[Start of section]

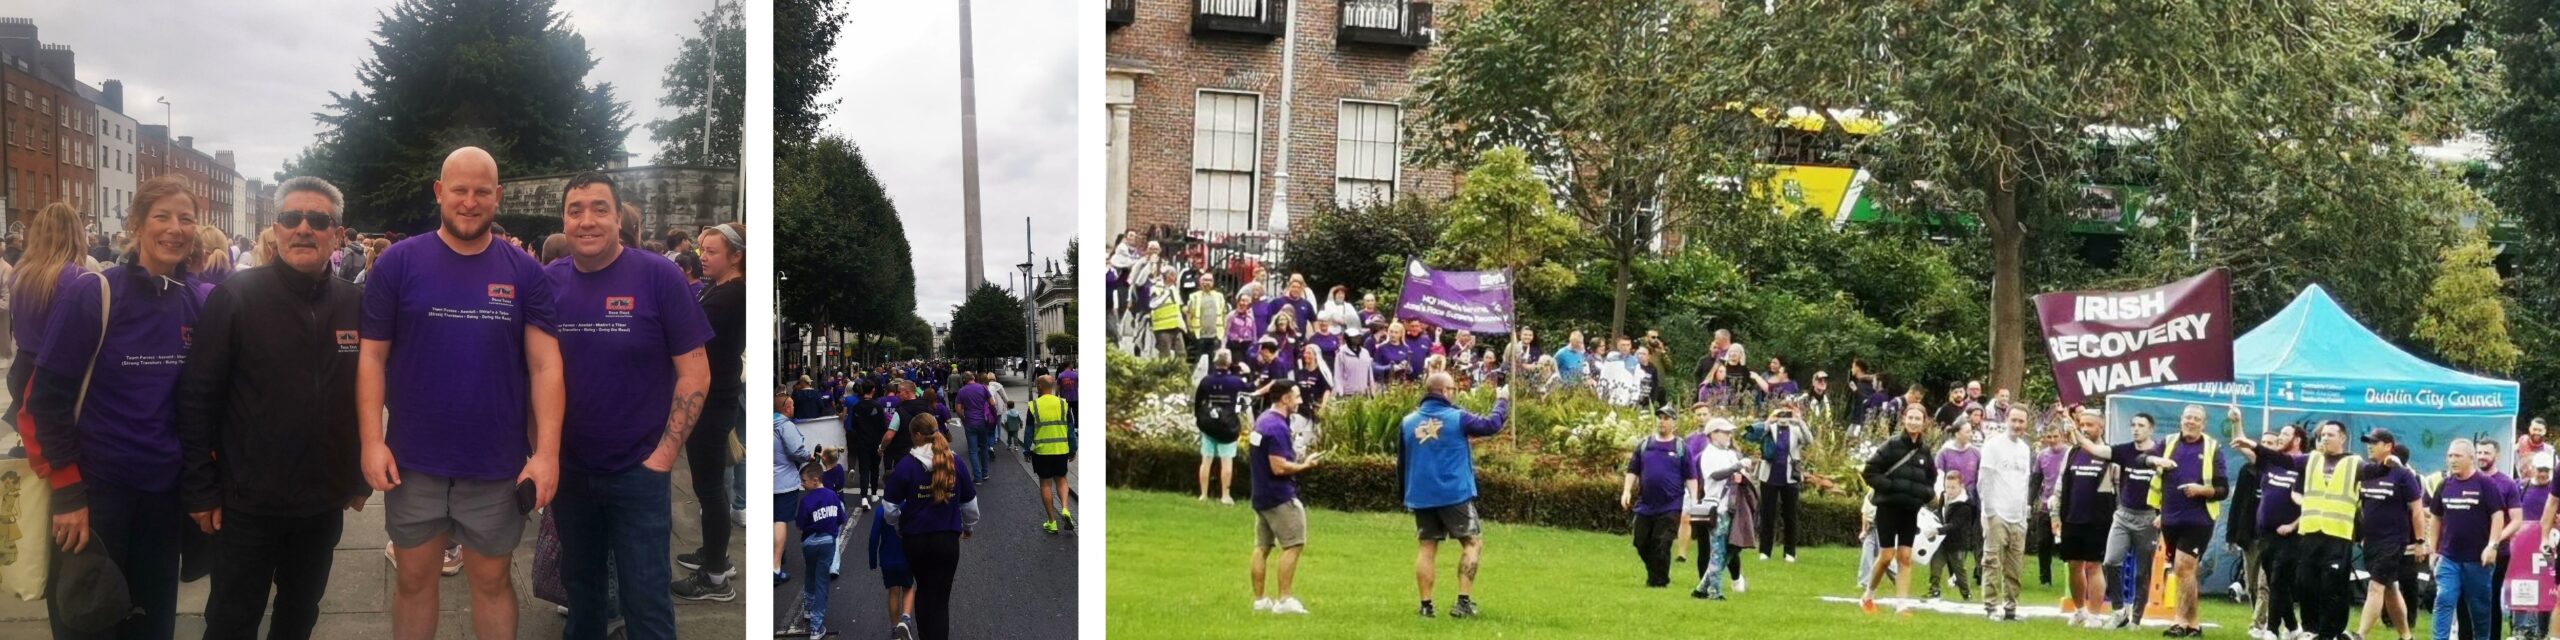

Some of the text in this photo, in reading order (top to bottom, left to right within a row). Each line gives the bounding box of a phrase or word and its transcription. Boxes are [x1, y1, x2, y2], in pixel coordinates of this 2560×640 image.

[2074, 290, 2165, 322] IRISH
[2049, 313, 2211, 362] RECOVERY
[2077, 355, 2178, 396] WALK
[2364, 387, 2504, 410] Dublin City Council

[End of section]

Because only the text is wanted, copy each record above precisely and omit its pictures.

Some of the text in this photo, in reading order (top to bottom, left to right within a row). Each line gives the bounding box of a phrase or word and its transcription. Boxes are [x1, y1, x2, y2], in pixel coordinates of this 2560×640 image.

[2074, 290, 2165, 322] IRISH
[2049, 313, 2211, 362] RECOVERY
[2077, 355, 2178, 396] WALK
[2364, 387, 2504, 410] Dublin City Council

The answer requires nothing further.